* Task requirements: Repeat, exactly as written, all of the entries, but not their pictures.

* Data in this exercise:
================
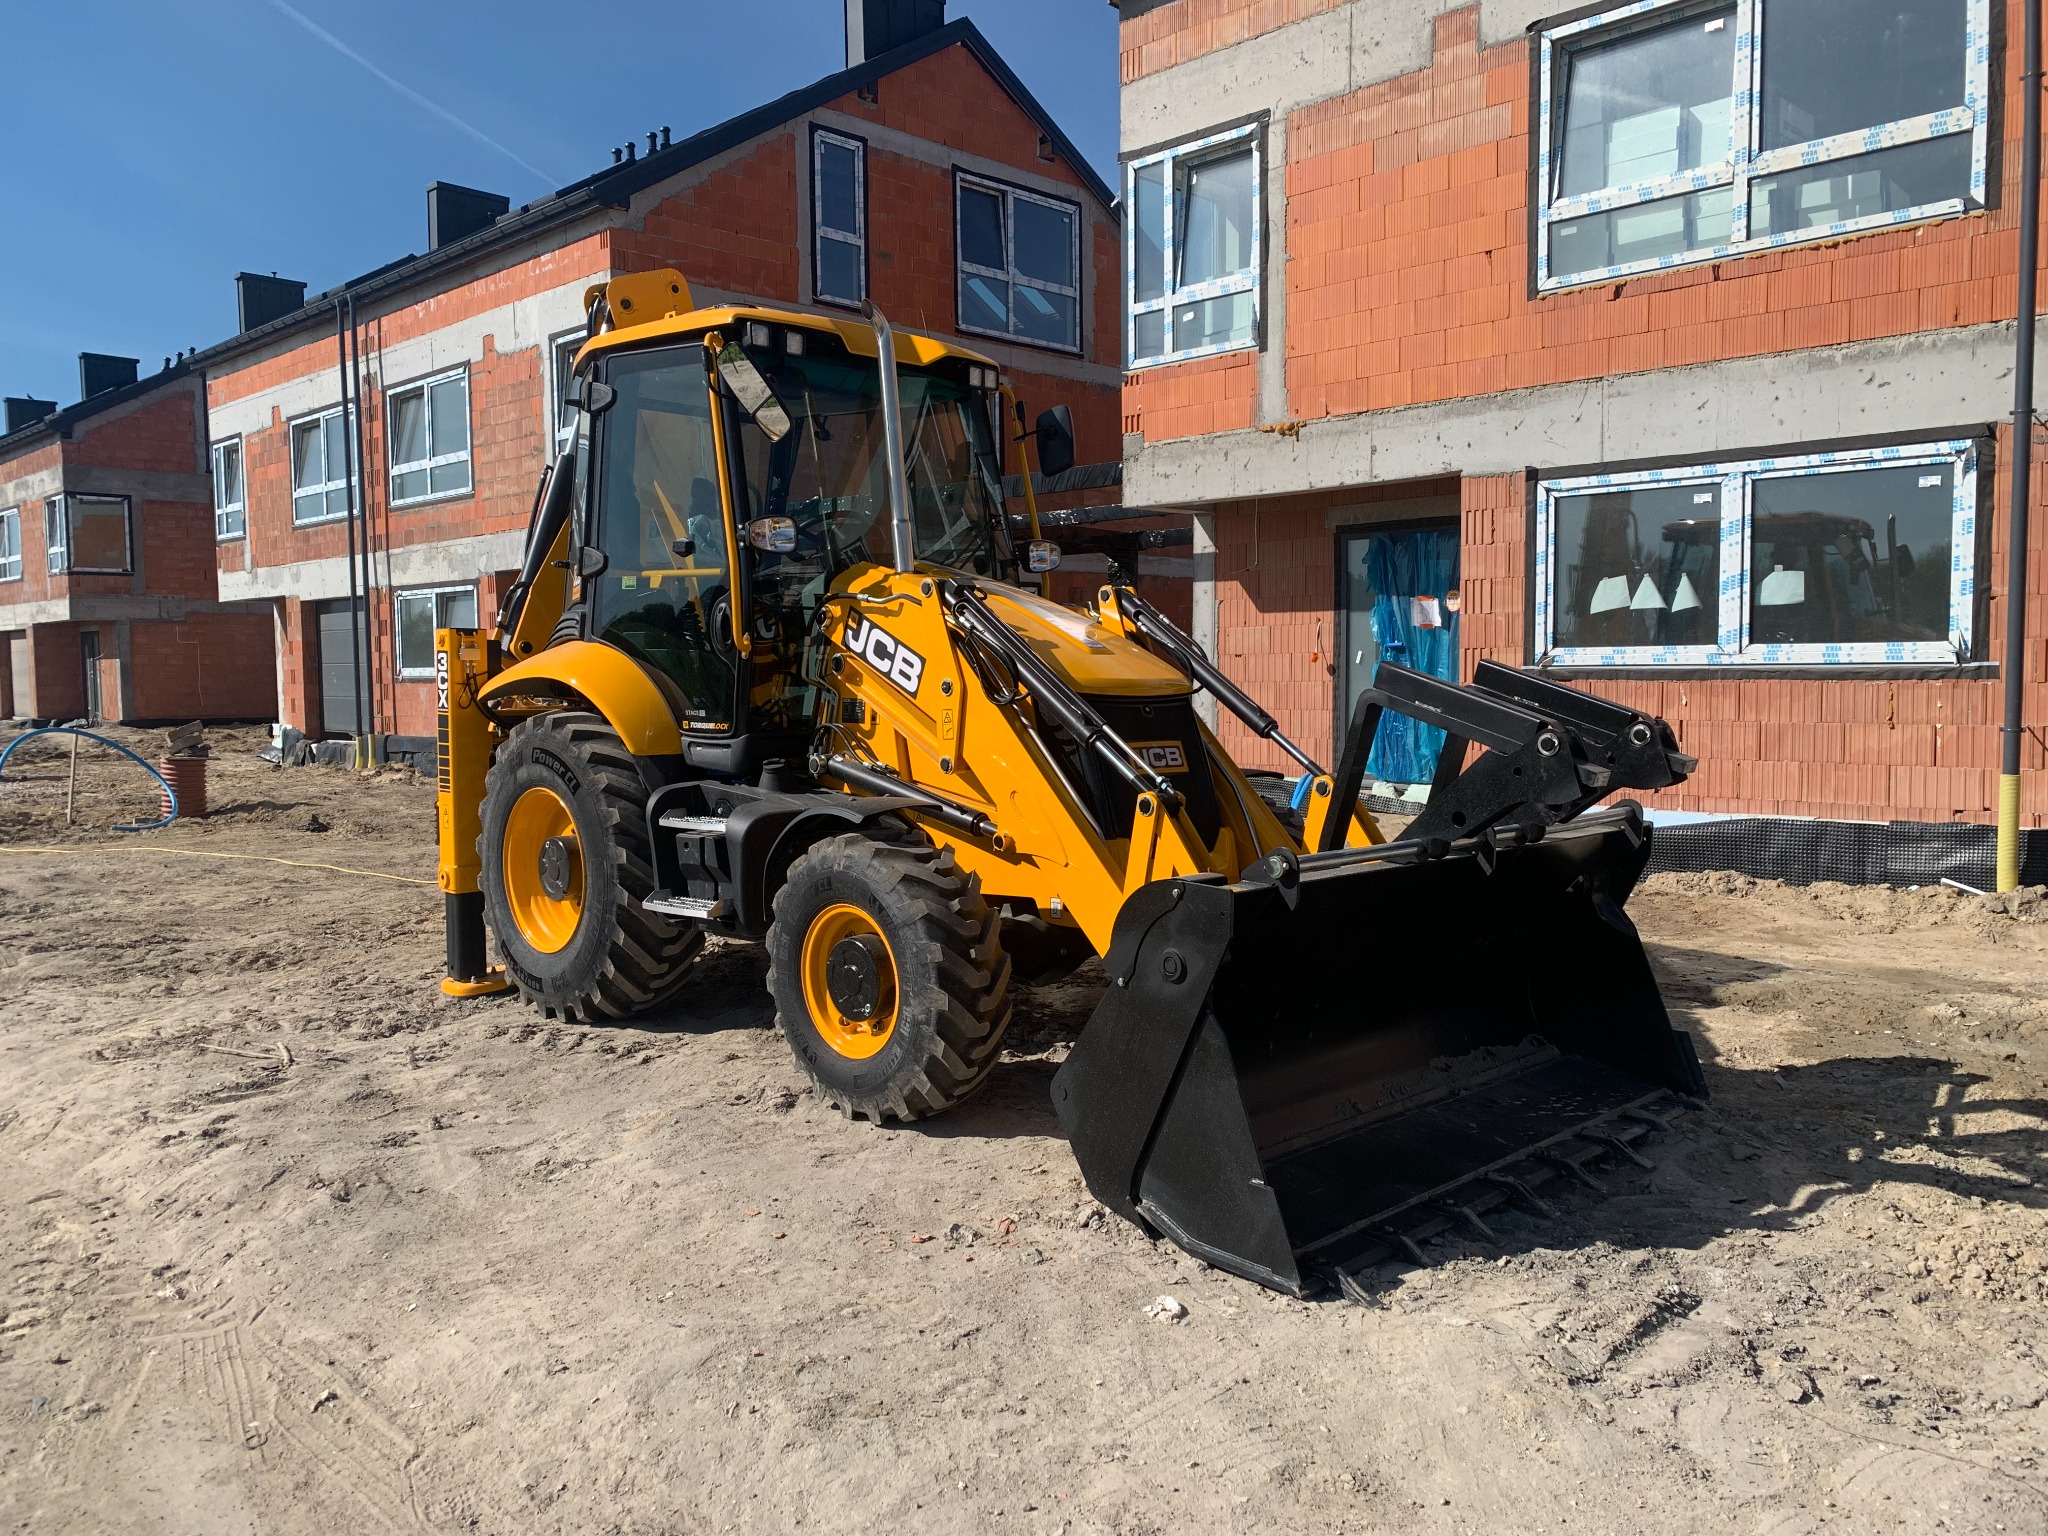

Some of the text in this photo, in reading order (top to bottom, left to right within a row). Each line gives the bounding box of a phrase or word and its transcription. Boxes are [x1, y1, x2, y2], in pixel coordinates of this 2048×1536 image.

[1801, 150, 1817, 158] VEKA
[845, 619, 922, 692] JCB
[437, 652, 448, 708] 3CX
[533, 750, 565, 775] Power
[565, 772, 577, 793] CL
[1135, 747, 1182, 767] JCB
================
* Result of the exercise:
Some of the text in this photo, in reading order (top to bottom, left to right within a row). Each line gives the bounding box of a phrase or word and its transcription. Boxes are [x1, y1, x2, y2], in pixel coordinates of this 2048×1536 image.

[1801, 150, 1817, 158] VEKA
[845, 619, 922, 692] JCB
[437, 652, 448, 708] 3CX
[533, 750, 565, 775] Power
[565, 772, 577, 793] CL
[1135, 747, 1182, 767] JCB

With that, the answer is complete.